Phrase grounding data:
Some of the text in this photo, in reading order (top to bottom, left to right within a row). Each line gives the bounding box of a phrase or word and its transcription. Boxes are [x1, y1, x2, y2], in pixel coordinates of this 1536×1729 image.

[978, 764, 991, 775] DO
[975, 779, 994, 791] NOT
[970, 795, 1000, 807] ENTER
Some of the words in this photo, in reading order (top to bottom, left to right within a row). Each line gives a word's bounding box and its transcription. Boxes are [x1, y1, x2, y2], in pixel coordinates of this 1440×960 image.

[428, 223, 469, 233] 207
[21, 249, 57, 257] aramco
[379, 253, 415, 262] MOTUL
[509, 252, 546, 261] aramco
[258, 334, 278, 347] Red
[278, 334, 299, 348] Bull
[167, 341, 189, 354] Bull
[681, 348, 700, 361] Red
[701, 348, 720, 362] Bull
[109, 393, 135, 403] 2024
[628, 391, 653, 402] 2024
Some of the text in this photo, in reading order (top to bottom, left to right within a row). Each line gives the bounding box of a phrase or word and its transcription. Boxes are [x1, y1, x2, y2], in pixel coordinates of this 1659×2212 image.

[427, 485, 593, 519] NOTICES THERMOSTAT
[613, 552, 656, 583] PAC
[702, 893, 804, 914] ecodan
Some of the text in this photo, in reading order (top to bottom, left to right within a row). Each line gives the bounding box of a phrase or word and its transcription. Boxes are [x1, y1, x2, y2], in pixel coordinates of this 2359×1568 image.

WHAT IS EXPECTED:
A verbatim reproduction of all the records above is the expected answer.

TASK OUTPUT:
Some of the text in this photo, in reading order (top to bottom, left to right within a row). Each line gives the bounding box of a phrase or word and its transcription. Boxes are [x1, y1, x2, y2], in pixel coordinates of this 1536×1729 image.

[978, 764, 991, 775] DO
[975, 779, 994, 791] NOT
[970, 795, 1000, 807] ENTER
Some of the words in this photo, in reading order (top to bottom, left to right within a row). Each line gives a word's bounding box and its transcription. Boxes are [x1, y1, x2, y2], in pixel coordinates of this 1440×960 image.

[428, 223, 469, 233] 207
[21, 249, 57, 257] aramco
[379, 253, 415, 262] MOTUL
[509, 252, 546, 261] aramco
[258, 334, 278, 347] Red
[278, 334, 299, 348] Bull
[167, 341, 189, 354] Bull
[681, 348, 700, 361] Red
[701, 348, 720, 362] Bull
[109, 393, 135, 403] 2024
[628, 391, 653, 402] 2024
Some of the text in this photo, in reading order (top to bottom, left to right within a row). Each line gives the bounding box of a phrase or word and its transcription. Boxes are [x1, y1, x2, y2], in pixel coordinates of this 1659×2212 image.

[427, 485, 593, 519] NOTICES THERMOSTAT
[613, 552, 656, 583] PAC
[702, 893, 804, 914] ecodan
Some of the text in this photo, in reading order (top to bottom, left to right within a row). Each line gives the bounding box of a phrase or word and its transcription. Boxes are [x1, y1, x2, y2], in pixel coordinates of this 2359×1568 image.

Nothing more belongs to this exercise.